### [PROBLEM DETAILS]
From the first line to the last, retype the records exactly and skip the pictures.

..............................

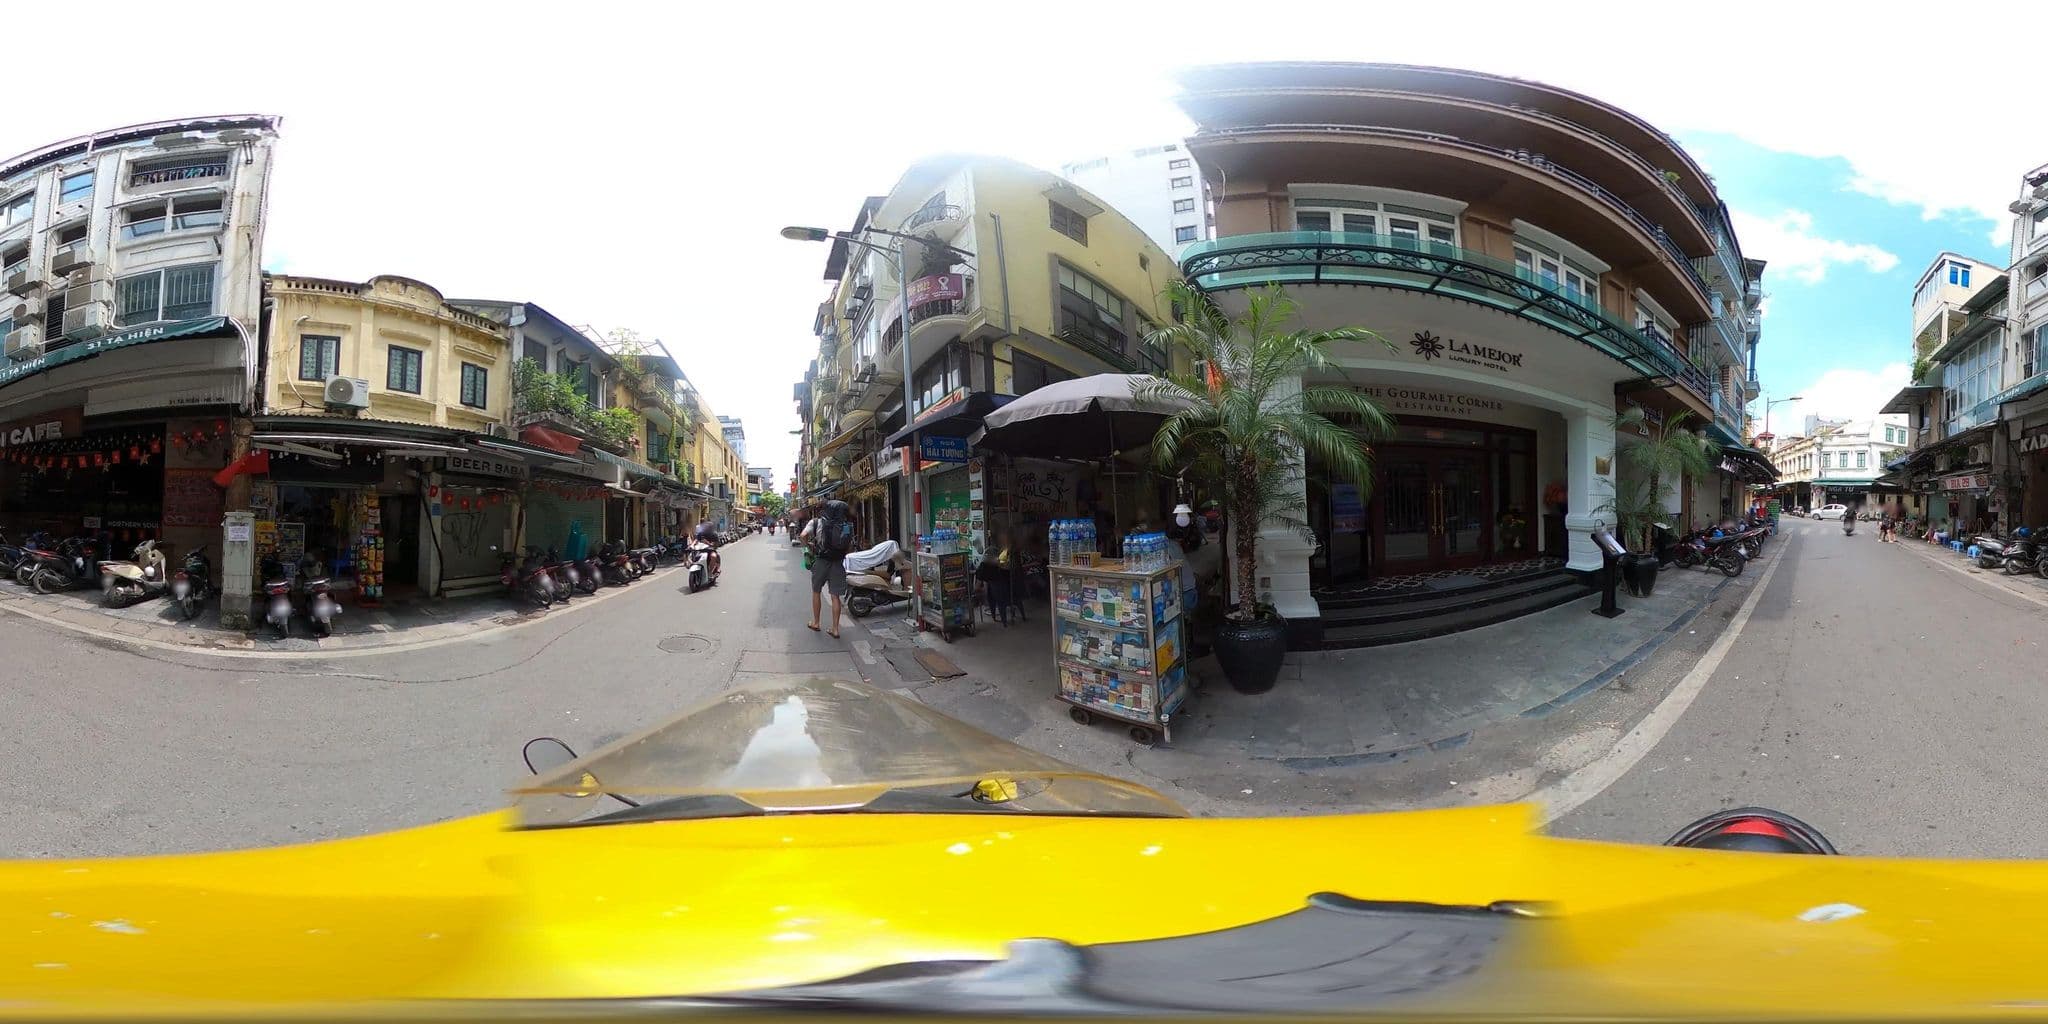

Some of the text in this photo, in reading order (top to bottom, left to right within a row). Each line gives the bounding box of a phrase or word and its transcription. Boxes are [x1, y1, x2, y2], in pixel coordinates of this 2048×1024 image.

[87, 341, 101, 350] 31
[1448, 339, 1522, 367] LA MEJOR
[1448, 355, 1508, 372] LUXURY HOTEL
[1352, 385, 1504, 410] THE GOURMET CORNER
[1395, 401, 1472, 415] RESTAURANT
[10, 421, 63, 445] CAFE
[452, 456, 525, 477] BEER BABA
[859, 457, 873, 480] SPA
[108, 520, 159, 529] NORTHERN SOUL
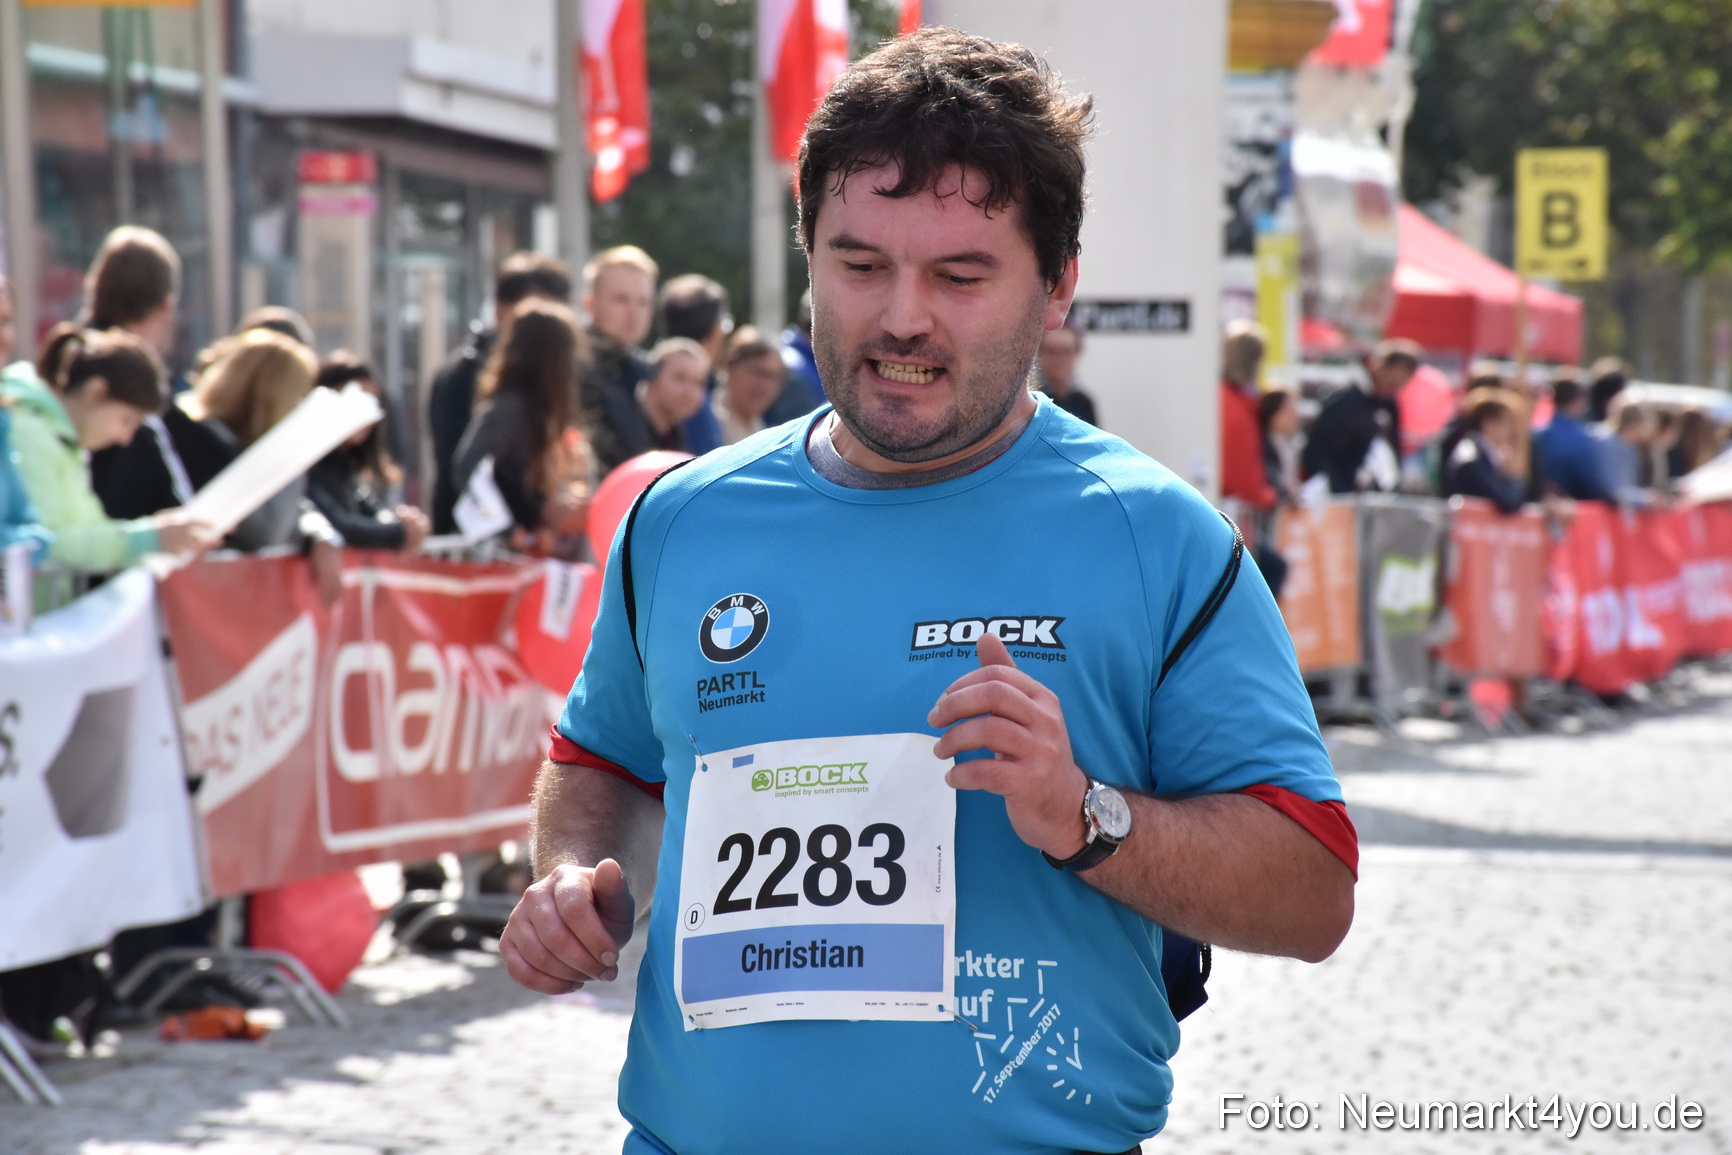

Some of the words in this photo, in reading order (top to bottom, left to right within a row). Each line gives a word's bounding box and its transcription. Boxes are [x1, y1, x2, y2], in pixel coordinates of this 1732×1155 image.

..............................

### [OUTPUT OF THE EXERCISE]
Some of the text in this photo, in reading order (top to bottom, left to right within a row). Each line gives the bounding box of a phrase or word and its transcription. Boxes are [x1, y1, x2, y2], in pixel coordinates of this 2048×1024 image.

[87, 341, 101, 350] 31
[1448, 339, 1522, 367] LA MEJOR
[1448, 355, 1508, 372] LUXURY HOTEL
[1352, 385, 1504, 410] THE GOURMET CORNER
[1395, 401, 1472, 415] RESTAURANT
[10, 421, 63, 445] CAFE
[452, 456, 525, 477] BEER BABA
[859, 457, 873, 480] SPA
[108, 520, 159, 529] NORTHERN SOUL

Some of the words in this photo, in reading order (top to bottom, left to right within a row). Each line gives a word's bounding box and its transcription. Boxes are [x1, y1, x2, y2], in pixel coordinates of this 1732×1155 image.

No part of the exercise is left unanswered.